* _TO DO_
Leaving the pictures aside, repeat each line below exactly.
§ §
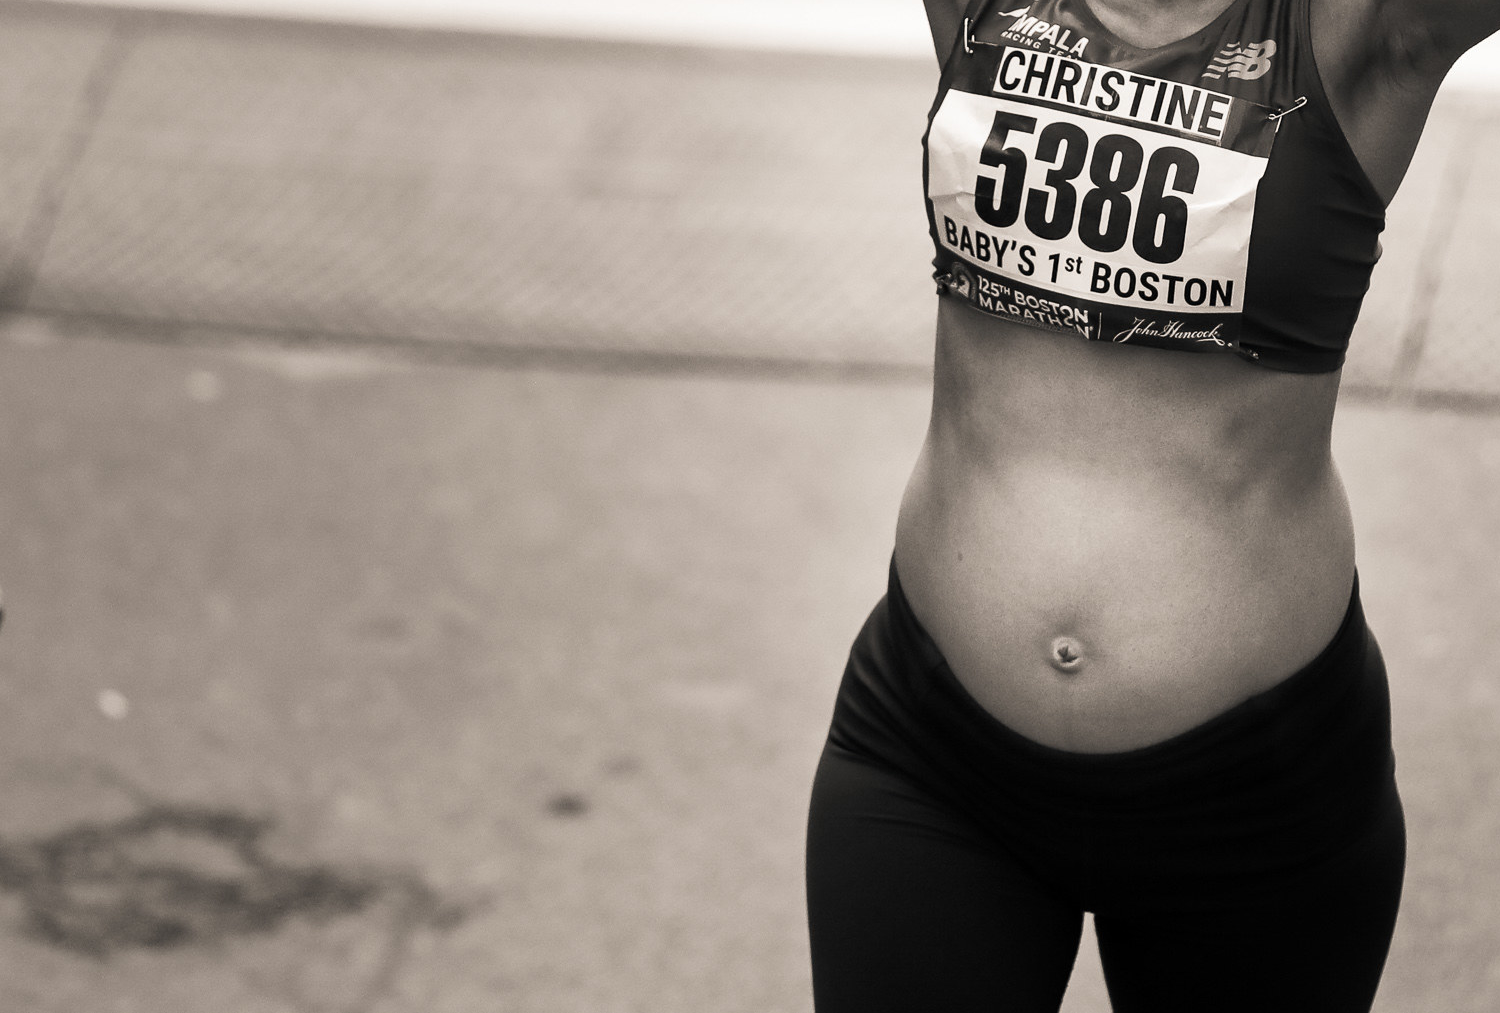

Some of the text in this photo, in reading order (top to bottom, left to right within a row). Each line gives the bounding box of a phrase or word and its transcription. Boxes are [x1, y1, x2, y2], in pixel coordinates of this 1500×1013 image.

[1000, 30, 1042, 49] RACING
[998, 50, 1231, 137] CHRISTINE
[974, 110, 1200, 265] 5386
[943, 215, 1234, 307] BABY'S 1st BOSTON
[977, 274, 1089, 324] 125TH BOSTON
[1113, 316, 1226, 347] John Hancock
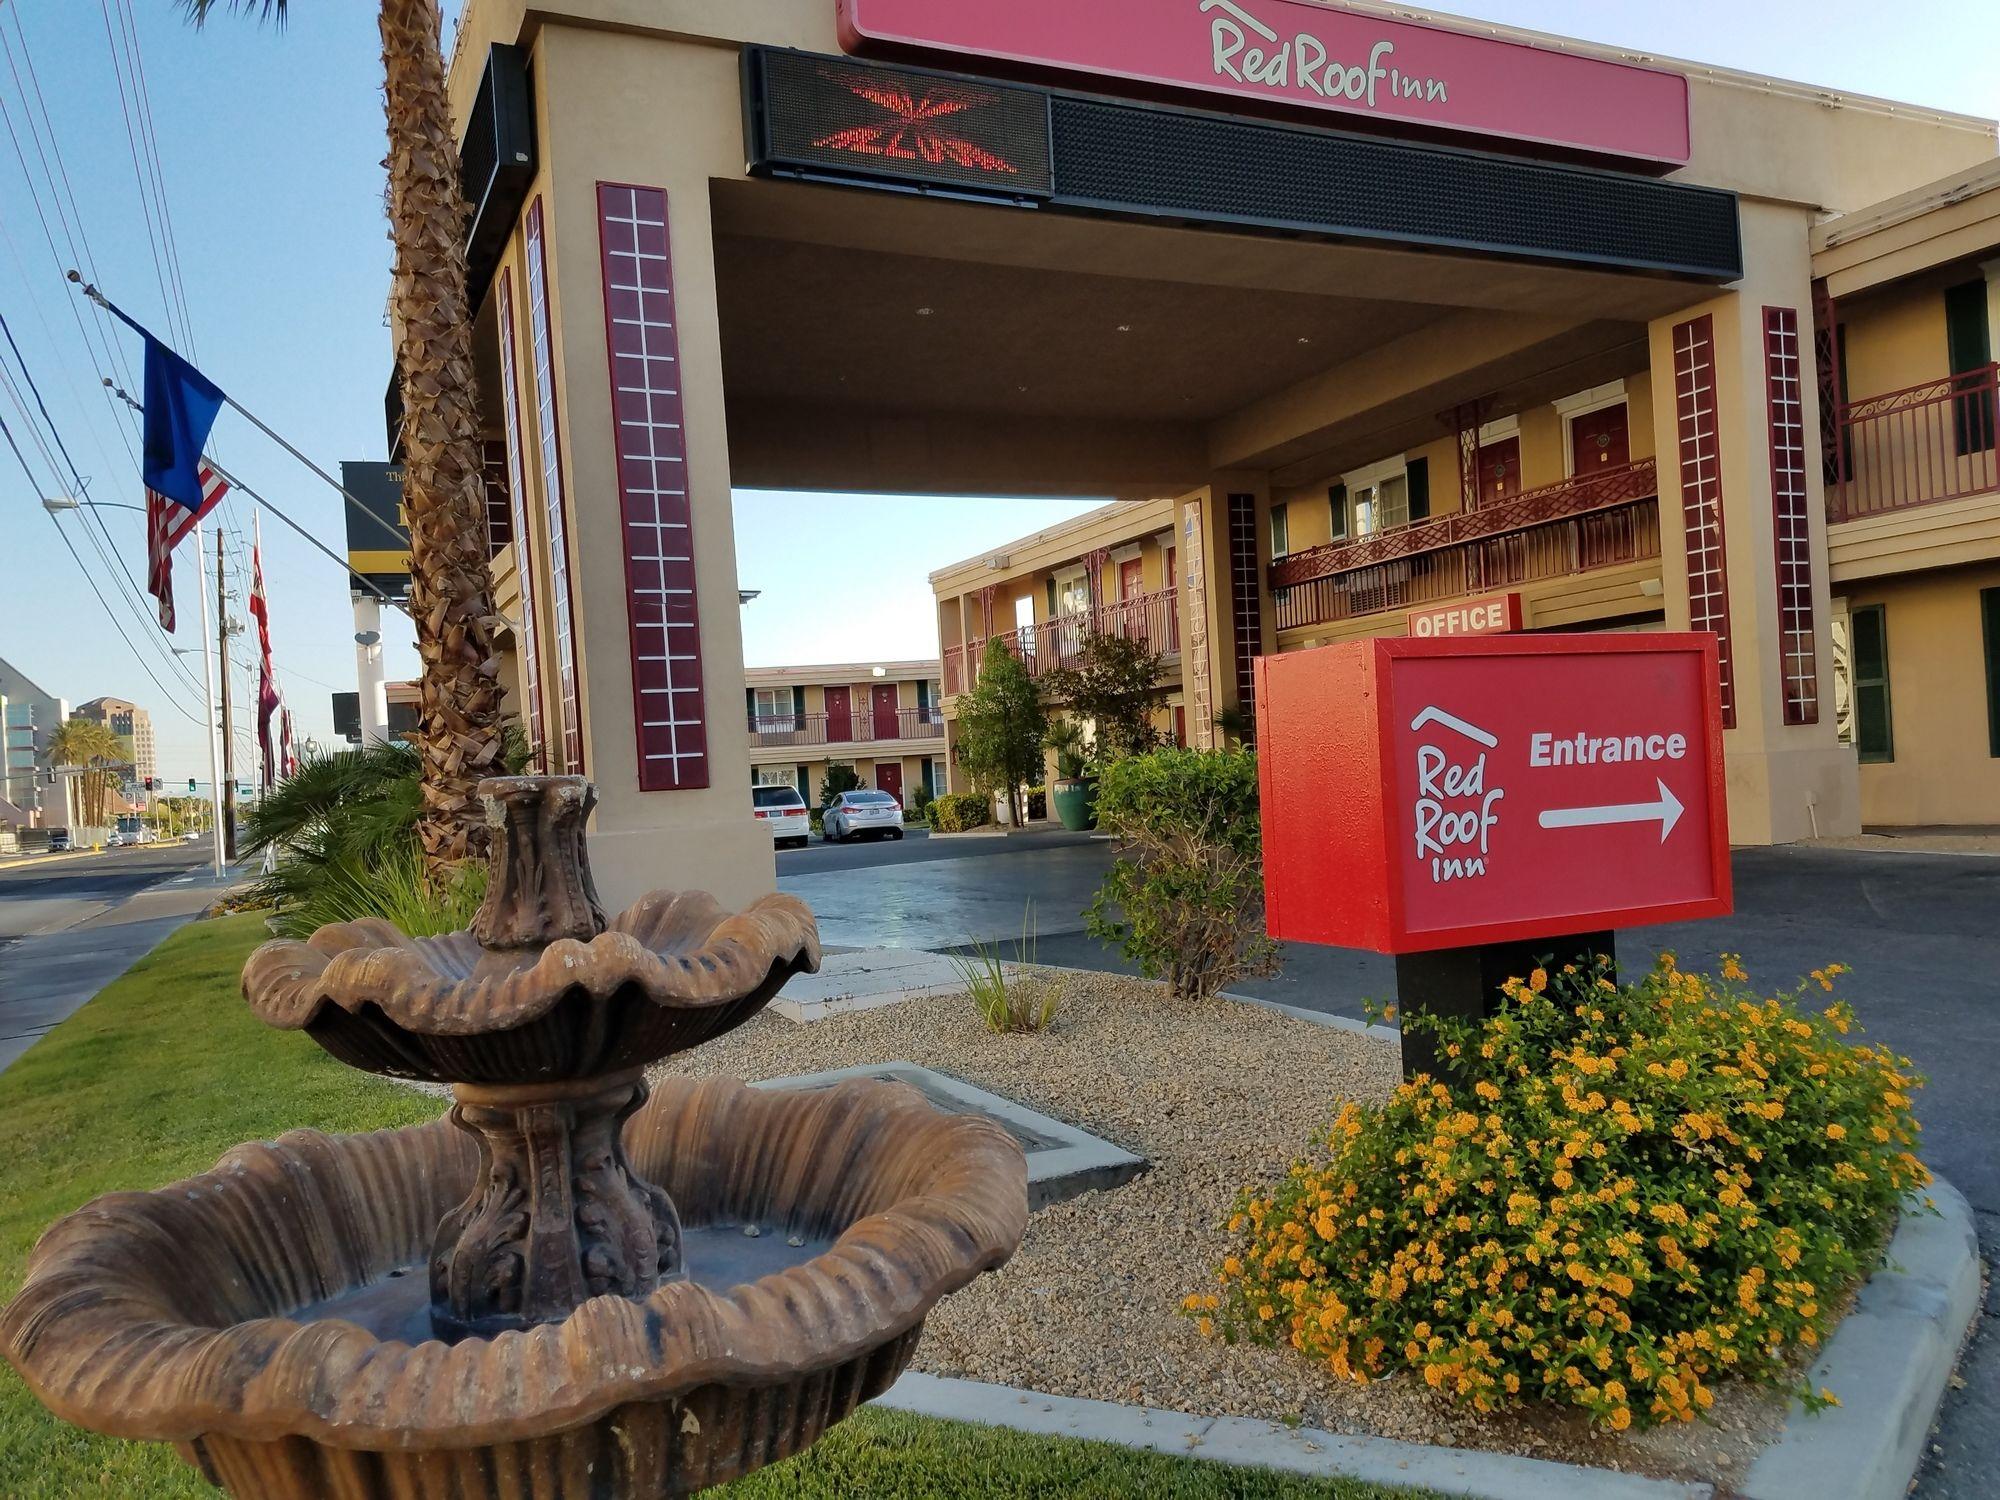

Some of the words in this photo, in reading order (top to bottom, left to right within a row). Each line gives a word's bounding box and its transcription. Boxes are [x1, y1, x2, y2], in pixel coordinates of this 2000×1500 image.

[1211, 18, 1291, 88] Red
[1295, 33, 1394, 107] Roof
[1416, 603, 1503, 638] OFFICE
[1417, 744, 1486, 801] Red
[1529, 732, 1687, 768] Entrance
[1414, 788, 1504, 860] Roof
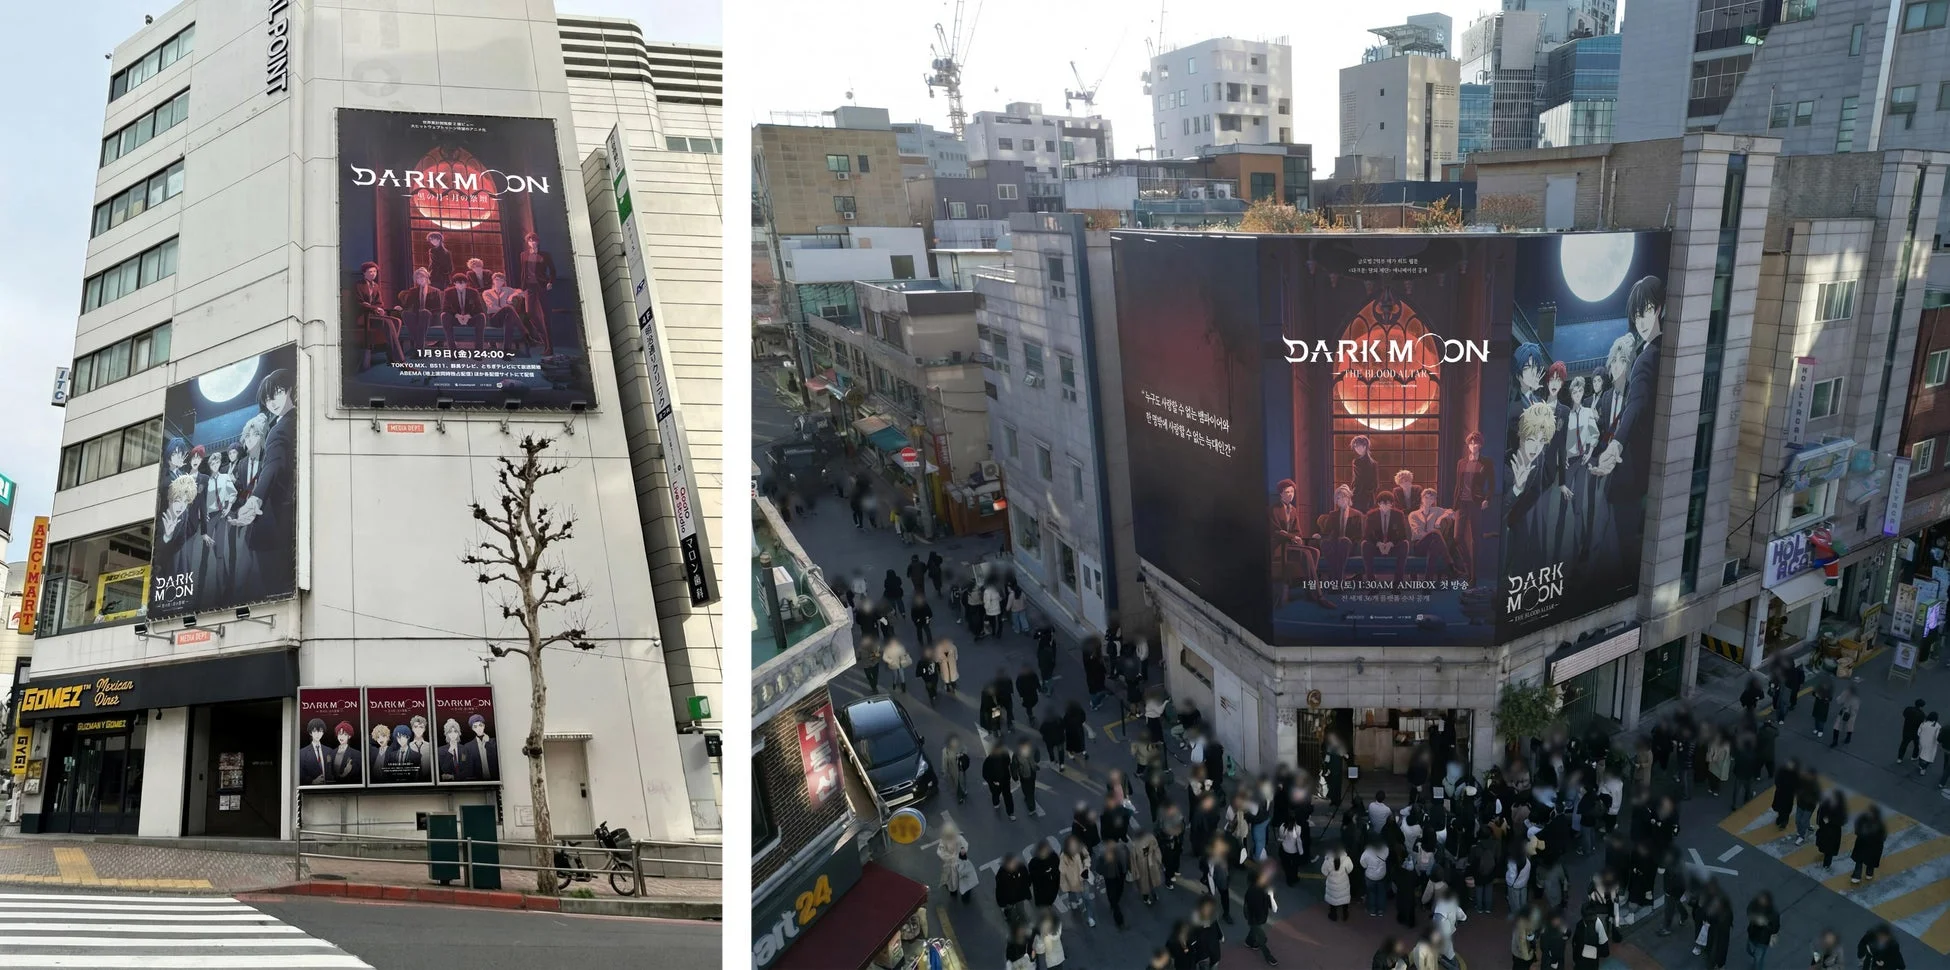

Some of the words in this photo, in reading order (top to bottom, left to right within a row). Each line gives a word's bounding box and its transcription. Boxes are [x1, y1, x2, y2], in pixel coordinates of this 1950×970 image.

[350, 162, 449, 189] DARK
[452, 169, 550, 196] MOON
[1282, 334, 1383, 364] DARK
[1386, 332, 1491, 368] MOON
[1344, 369, 1363, 378] THE
[1365, 369, 1396, 378] BLOOD
[1398, 369, 1428, 378] ALTAR
[55, 370, 66, 400] ITC
[677, 501, 686, 534] Studio
[23, 524, 46, 625] ABC-MART
[155, 571, 194, 590] DARK
[1508, 562, 1564, 595] DARK
[155, 584, 194, 602] MOON
[1302, 580, 1317, 590] 1월
[1319, 580, 1339, 590] 10일
[1340, 580, 1356, 590] (토)
[1358, 580, 1393, 589] 1:30AM
[1397, 580, 1436, 589] ANIBOX
[1440, 580, 1449, 590] 첫
[1451, 581, 1469, 590] 방송
[1506, 580, 1564, 614] MOON
[180, 633, 195, 642] MEDIA
[96, 677, 134, 693] Mexican
[94, 692, 120, 707] Diner
[302, 701, 329, 710] DARK
[330, 699, 357, 710] MOON
[370, 700, 397, 709] DARK
[397, 698, 425, 709] MOON
[436, 699, 463, 708] DARK
[464, 698, 491, 708] MOON
[77, 721, 101, 731] GUZMAN
[106, 719, 126, 729] GOMEZ
[14, 736, 29, 769] GYG!
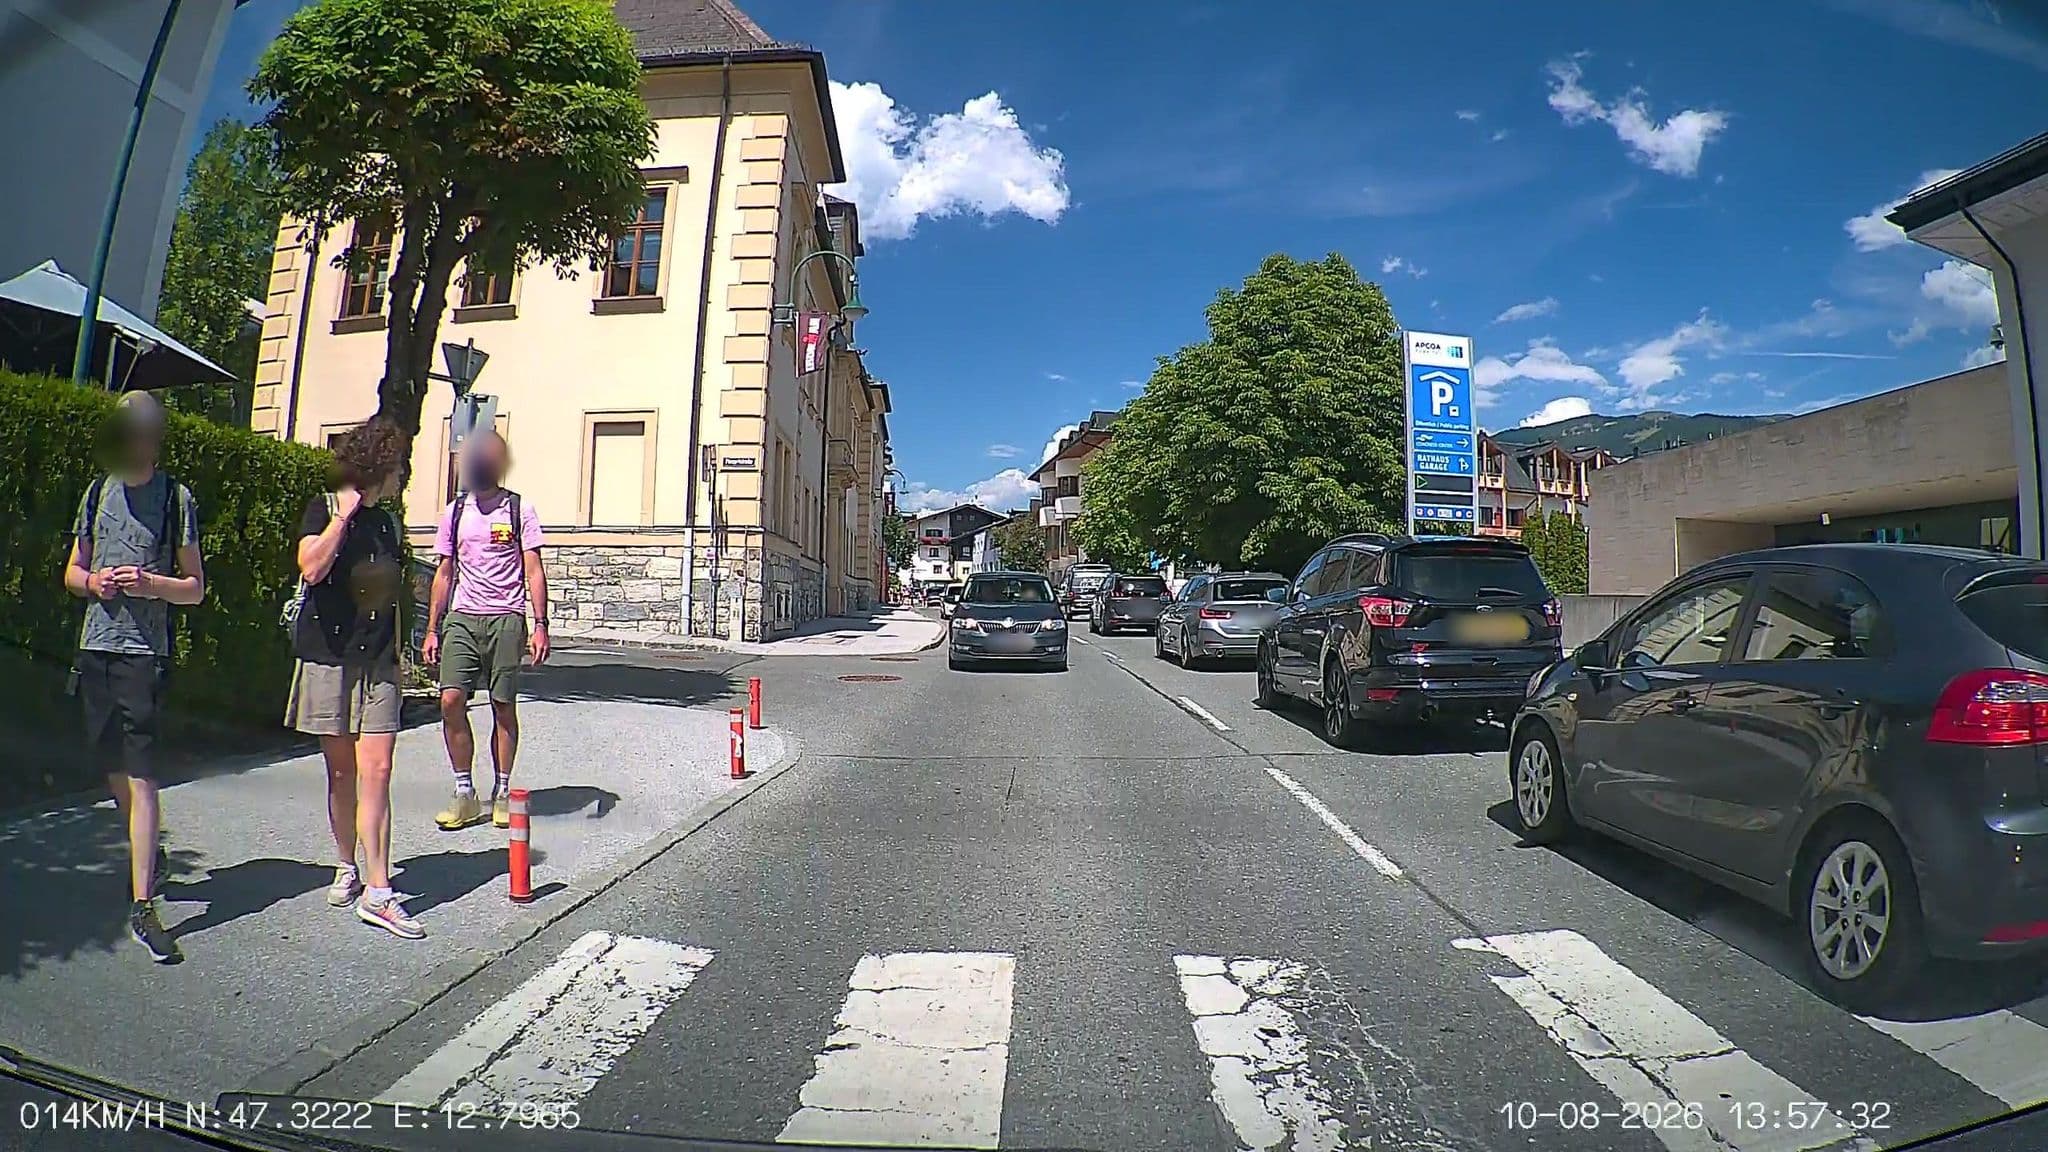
§ §
* _EXERCISE ANSWER_
Some of the text in this photo, in reading order (top to bottom, left to right within a row). Each line gives the bounding box of a phrase or word and its transcription. Boxes are [x1, y1, x2, y2], in pixel coordinates of this 1500×1013 image.

[1000, 30, 1042, 49] RACING
[998, 50, 1231, 137] CHRISTINE
[974, 110, 1200, 265] 5386
[943, 215, 1234, 307] BABY'S 1st BOSTON
[977, 274, 1089, 324] 125TH BOSTON
[1113, 316, 1226, 347] John Hancock

Some of the words in this photo, in reading order (top to bottom, left to right within a row). Each line gives a word's bounding box and its transcription. Boxes are [x1, y1, x2, y2], in pixel coordinates of this 2000×1500 image.

[1211, 18, 1291, 88] Red
[1295, 33, 1394, 107] Roof
[1416, 603, 1503, 638] OFFICE
[1417, 744, 1486, 801] Red
[1529, 732, 1687, 768] Entrance
[1414, 788, 1504, 860] Roof

Some of the words in this photo, in reading order (top to bottom, left to right within a row). Each line gives a word's bounding box and its transcription. Boxes are [x1, y1, x2, y2], in pixel coordinates of this 1950×970 image.

[350, 162, 449, 189] DARK
[452, 169, 550, 196] MOON
[1282, 334, 1383, 364] DARK
[1386, 332, 1491, 368] MOON
[1344, 369, 1363, 378] THE
[1365, 369, 1396, 378] BLOOD
[1398, 369, 1428, 378] ALTAR
[55, 370, 66, 400] ITC
[677, 501, 686, 534] Studio
[23, 524, 46, 625] ABC-MART
[155, 571, 194, 590] DARK
[1508, 562, 1564, 595] DARK
[155, 584, 194, 602] MOON
[1302, 580, 1317, 590] 1월
[1319, 580, 1339, 590] 10일
[1340, 580, 1356, 590] (토)
[1358, 580, 1393, 589] 1:30AM
[1397, 580, 1436, 589] ANIBOX
[1440, 580, 1449, 590] 첫
[1451, 581, 1469, 590] 방송
[1506, 580, 1564, 614] MOON
[180, 633, 195, 642] MEDIA
[96, 677, 134, 693] Mexican
[94, 692, 120, 707] Diner
[302, 701, 329, 710] DARK
[330, 699, 357, 710] MOON
[370, 700, 397, 709] DARK
[397, 698, 425, 709] MOON
[436, 699, 463, 708] DARK
[464, 698, 491, 708] MOON
[77, 721, 101, 731] GUZMAN
[106, 719, 126, 729] GOMEZ
[14, 736, 29, 769] GYG!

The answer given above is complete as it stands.